On a conference call, Chief Financial Officer Brian Roberts spoke optimistically about the path to profitability and a turnaround in the near future, and shares rebounded at roughly the same time.
“We are encouraged by our strength of our core business and see a clear path of profitability and ridesharing,” Roberts said, just before shares rallied in after-hours trading. ”We anticipate that 2019 will be our peak loss year as we then move steadily towards profitability on a consolidated basis.”
Lyft’s revenue reflects only the net amount of a fare that the company collects, but it does report other figures to give a fuller picture of the business, such as bookings, which is meant to show the full fares being paid. Carrying such steep losses, Lyft tends to focus on other metrics to show its potential, such as rides taken. The company reported 20.5 million active riders, up from 14 million a year ago, and revenue per active rider of $37.86, up from $28.27 in the year-ago period.
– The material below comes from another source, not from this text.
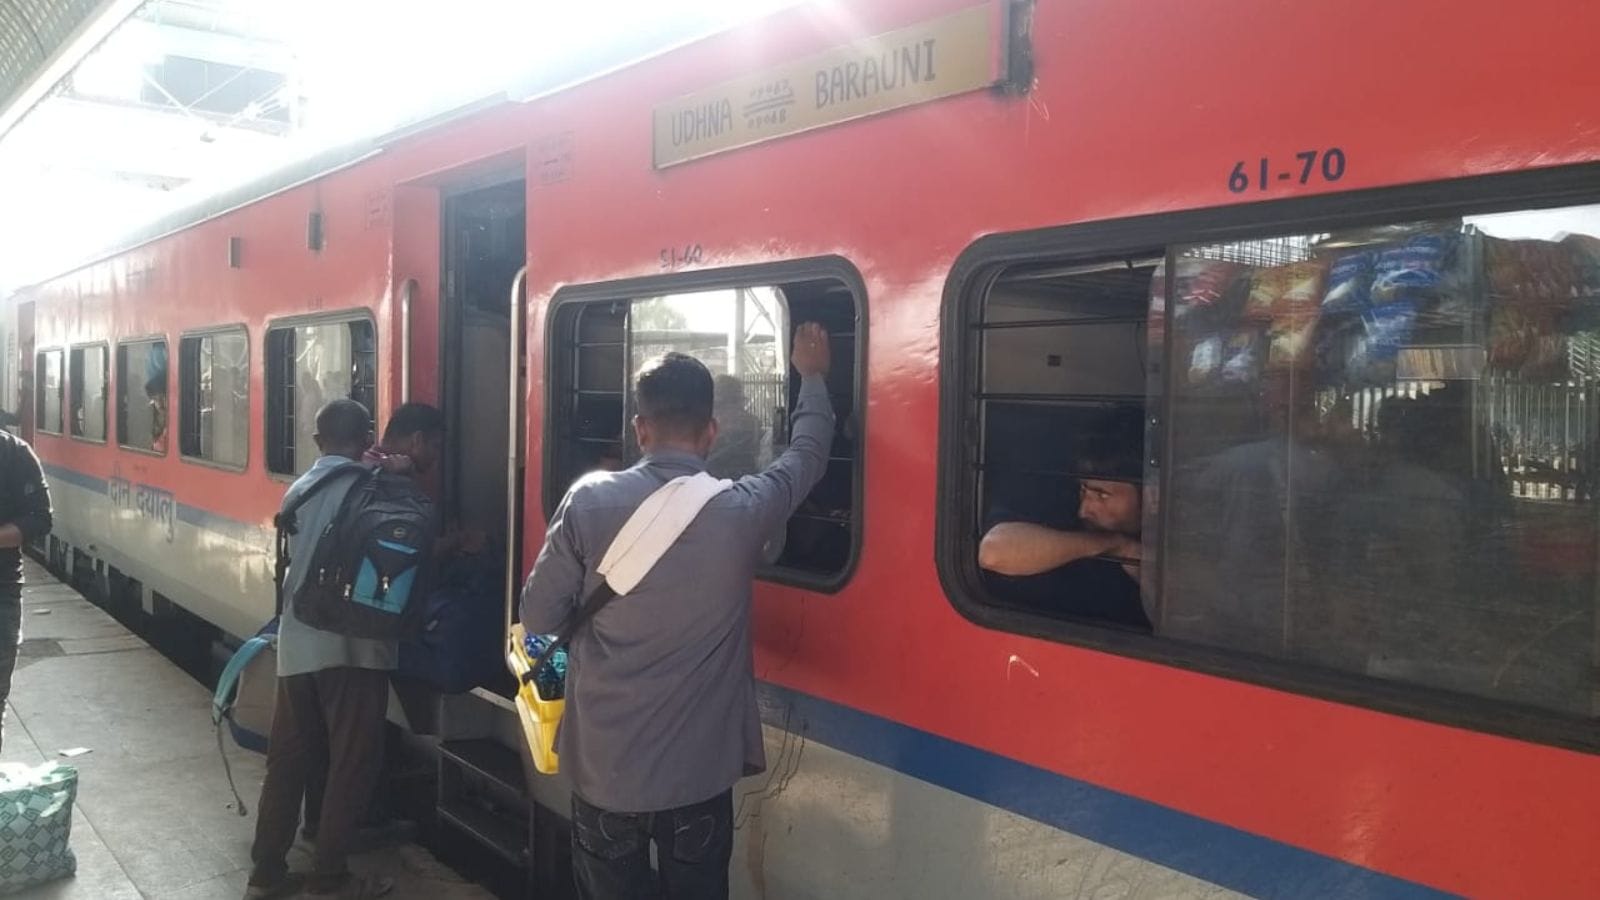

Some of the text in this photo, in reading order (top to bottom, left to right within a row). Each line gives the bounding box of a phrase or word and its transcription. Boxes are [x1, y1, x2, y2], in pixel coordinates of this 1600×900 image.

Lyft predicted second-quarter revenue of $800 million to $810 million, and annual revenue of $3.28 billion to $3.3 billion, both higher than the average analyst forecast, according to FactSet. Executives noted that revenue growth rates will decline starting in the second quarter, due to price increases that took effect in the second quarter last year.
See also: Lyft and Uber lure people with low fares, but how long will cheap ride-sharing last?
As Lyft was releasing results Tuesday afternoon, Alphabet Inc.’s GOOGL, -1.22% GOOG, -1.29% self-driving car arm Waymo revealed that it will begin serving Lyft customers with self-driving rides in the Phoenix area. Waymo will put 10 self-driving cars on the Lyft platform “over the next few months,” Waymo Chief Executive John Krafcik wrote in a blog post.
“This first step in our partnership will allow us to introduce the Waymo Driver to Lyft users, enabling them to take what for many will be their first ride in a self-driving vehicle,” Krafcik wrote. “We’re committed to continuously improving our customer experience, and our partnership with Lyft will also give our teams the opportunity to collect valuable feedback.”
“We are agnostic about where this [self-driving] technology comes from,” Chief Executive Logan Green said in explaining the strategy behind Lyft’s development of its own level-5 autonomous driving system while also partnering with others attempting to develop the same technology.